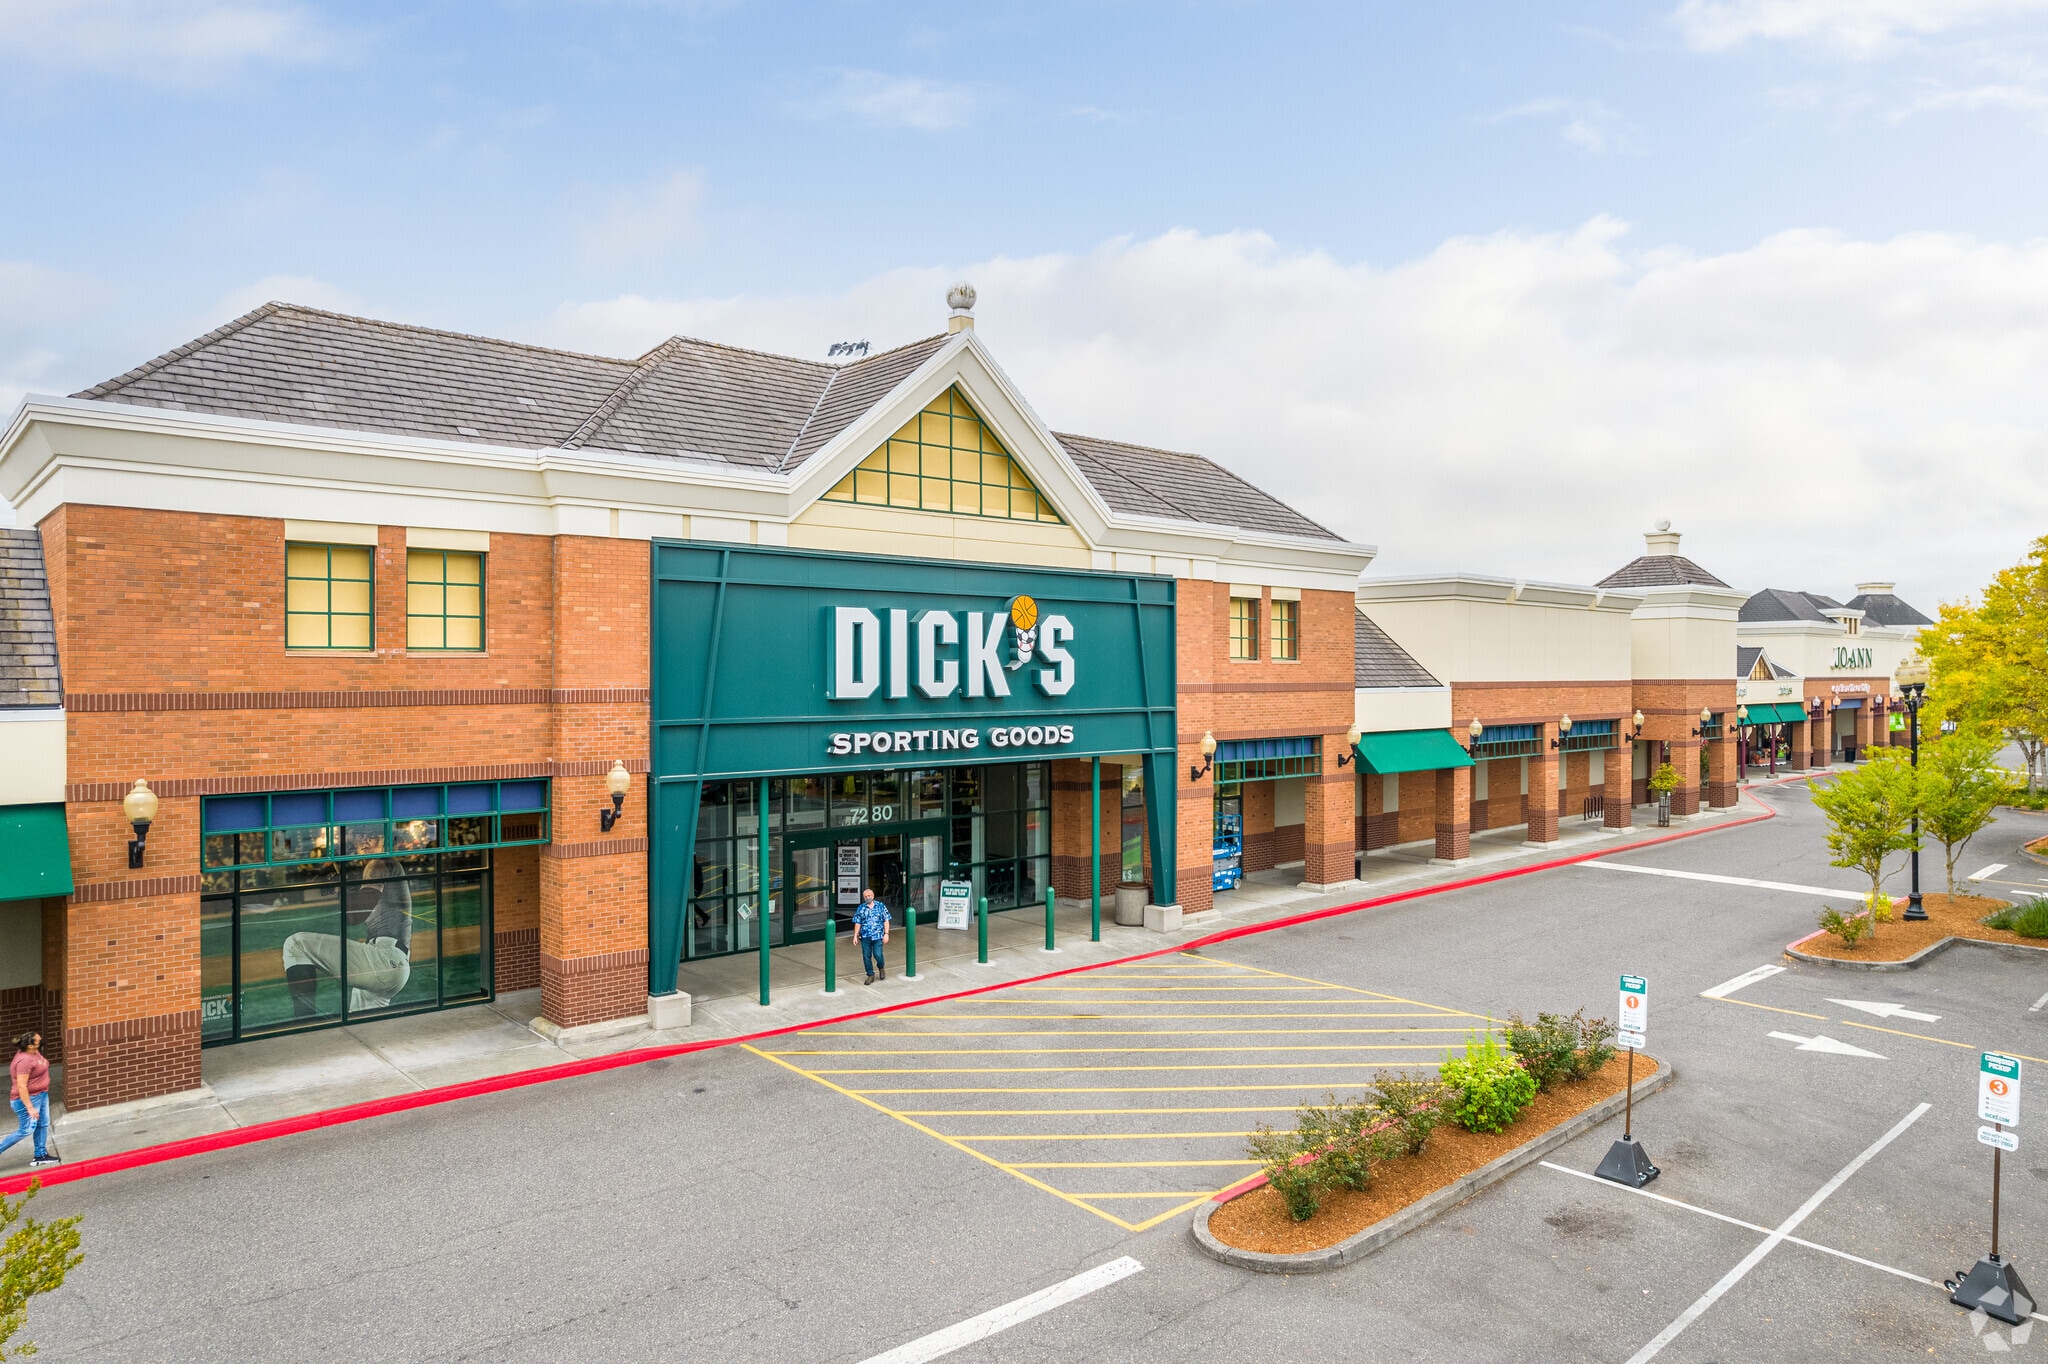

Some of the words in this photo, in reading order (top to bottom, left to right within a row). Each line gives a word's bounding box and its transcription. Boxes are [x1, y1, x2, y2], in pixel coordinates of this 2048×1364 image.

[827, 594, 1075, 700] DICK'S
[828, 728, 980, 755] SPORTING
[988, 725, 1074, 748] GOODS
[850, 805, 893, 824] 7280
[1629, 997, 1635, 1008] 1
[1988, 1062, 2012, 1073] PICKUP
[1993, 1081, 2004, 1095] 3
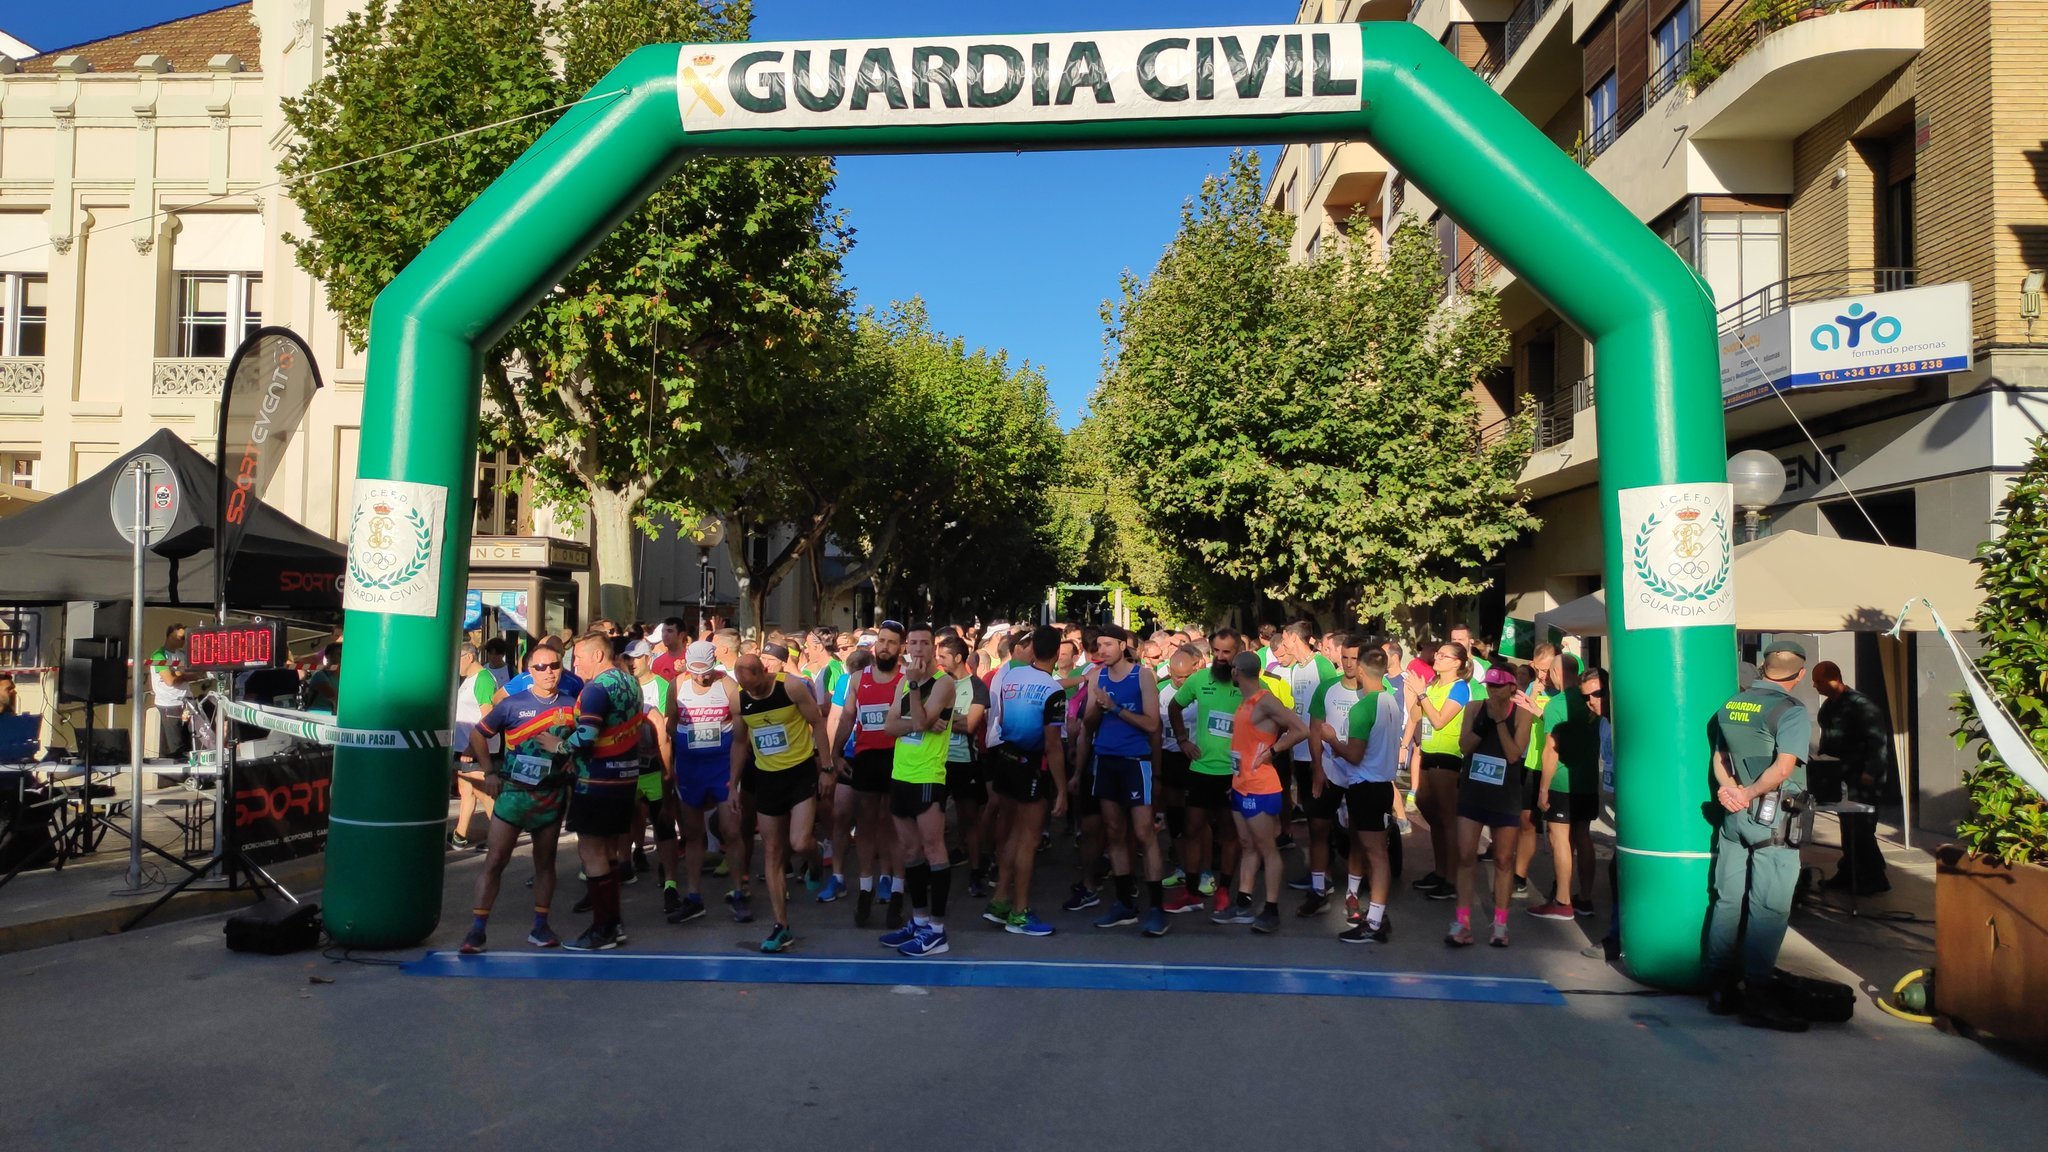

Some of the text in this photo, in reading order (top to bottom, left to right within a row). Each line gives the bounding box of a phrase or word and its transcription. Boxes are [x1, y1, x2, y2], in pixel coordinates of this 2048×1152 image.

[727, 32, 1357, 114] GUARDIA CIVIL
[1852, 341, 1946, 358] formando personas
[1818, 359, 1944, 381] Tel. +34 974 238 238
[562, 550, 586, 564] ONCE
[348, 576, 425, 603] UARDIA CIVIL
[1639, 589, 1731, 617] GUARDIA CIVIL
[191, 630, 270, 664] 00:00:00
[1725, 701, 1762, 713] GUARDIA
[865, 711, 884, 724] 198
[1729, 711, 1750, 722] CIVIL
[1215, 718, 1231, 732] 141
[341, 731, 354, 744] CIVIL
[355, 733, 366, 745] NO
[368, 733, 396, 746] PASAR
[694, 729, 714, 741] 243
[758, 733, 781, 748] 205
[521, 762, 541, 778] 214
[1477, 761, 1497, 776] 247
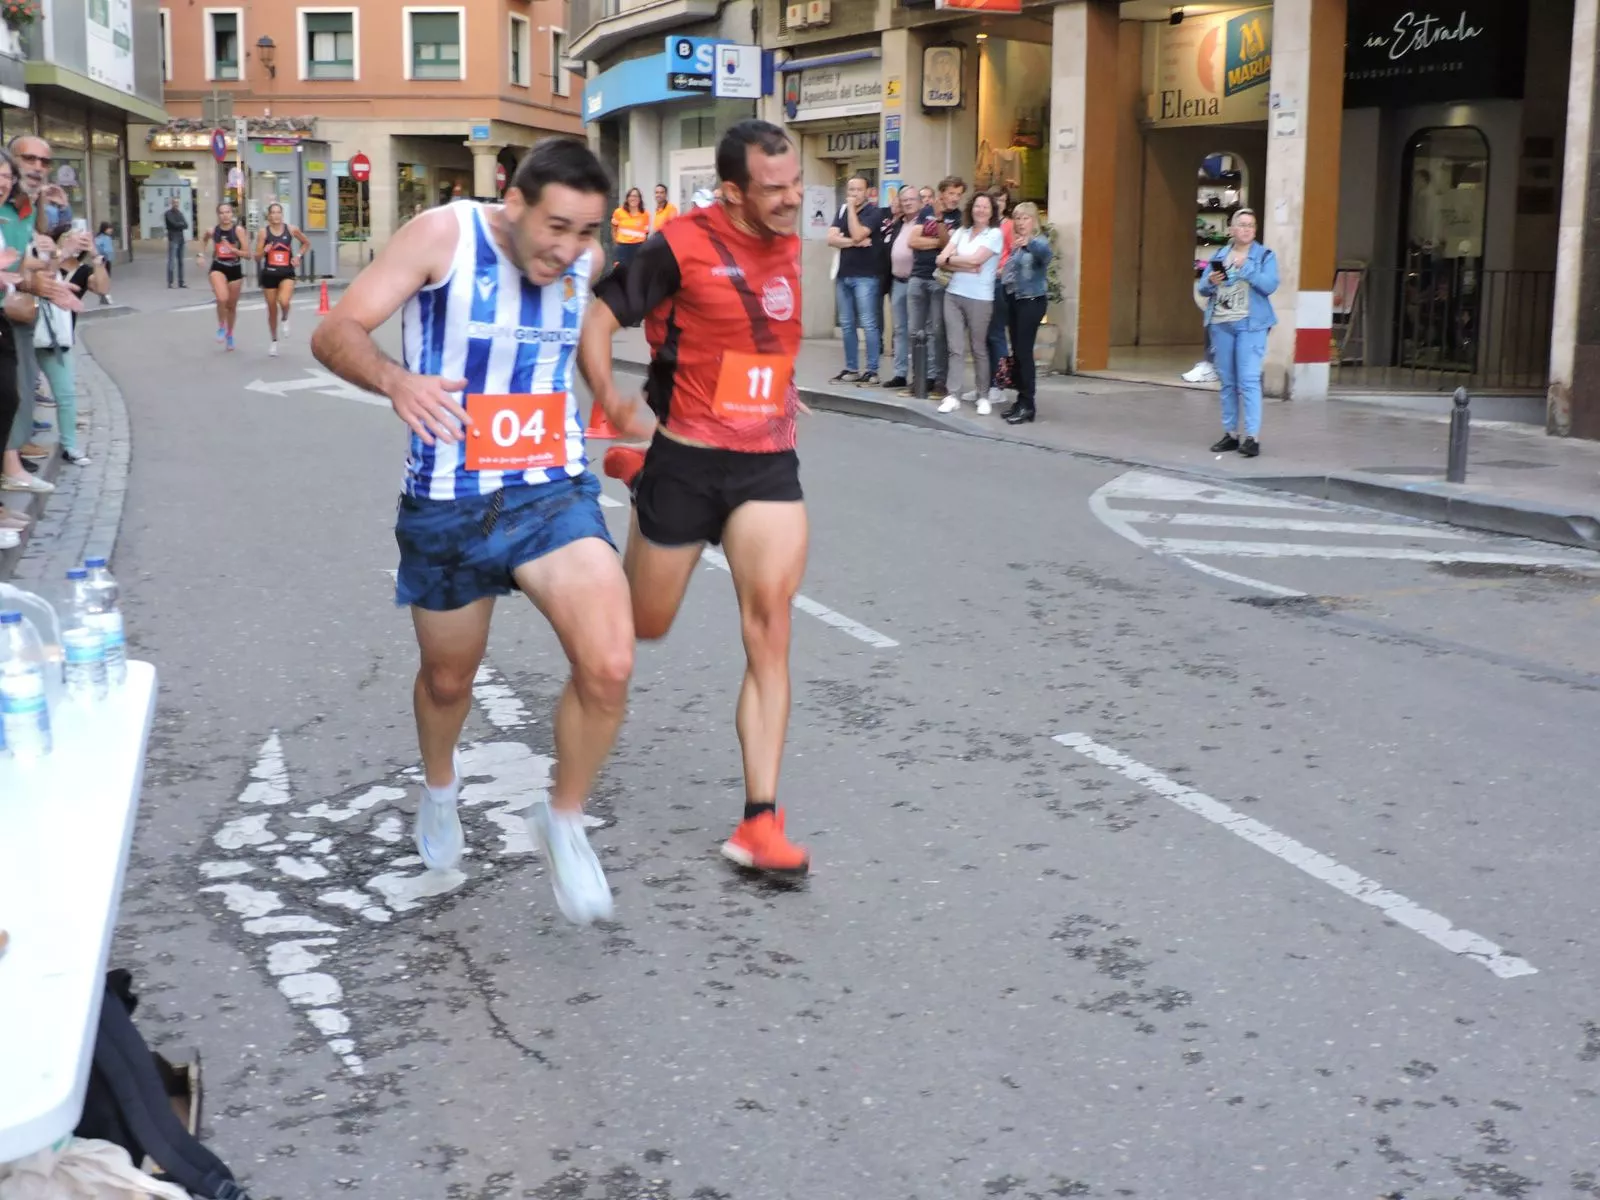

> What is needed:
The whole of the data needs to be copied word for word, though not its pictures.

> Result of this task:
Some of the words in this photo, in reading order (top to bottom, left to right within a row). Each line gives a word's bounding box and its transcription. Boxes are [x1, y1, x2, y2], in pixel coordinates of this 2048×1364 image.

[827, 594, 1075, 700] DICK'S
[828, 728, 980, 755] SPORTING
[988, 725, 1074, 748] GOODS
[850, 805, 893, 824] 7280
[1629, 997, 1635, 1008] 1
[1988, 1062, 2012, 1073] PICKUP
[1993, 1081, 2004, 1095] 3

Some of the text in this photo, in reading order (top to bottom, left to right within a row). Each line gives the bounding box of a phrase or word and its transcription. Boxes are [x1, y1, x2, y2], in pixel coordinates of this 2048×1152 image.

[727, 32, 1357, 114] GUARDIA CIVIL
[1852, 341, 1946, 358] formando personas
[1818, 359, 1944, 381] Tel. +34 974 238 238
[562, 550, 586, 564] ONCE
[348, 576, 425, 603] UARDIA CIVIL
[1639, 589, 1731, 617] GUARDIA CIVIL
[191, 630, 270, 664] 00:00:00
[1725, 701, 1762, 713] GUARDIA
[865, 711, 884, 724] 198
[1729, 711, 1750, 722] CIVIL
[1215, 718, 1231, 732] 141
[341, 731, 354, 744] CIVIL
[355, 733, 366, 745] NO
[368, 733, 396, 746] PASAR
[694, 729, 714, 741] 243
[758, 733, 781, 748] 205
[521, 762, 541, 778] 214
[1477, 761, 1497, 776] 247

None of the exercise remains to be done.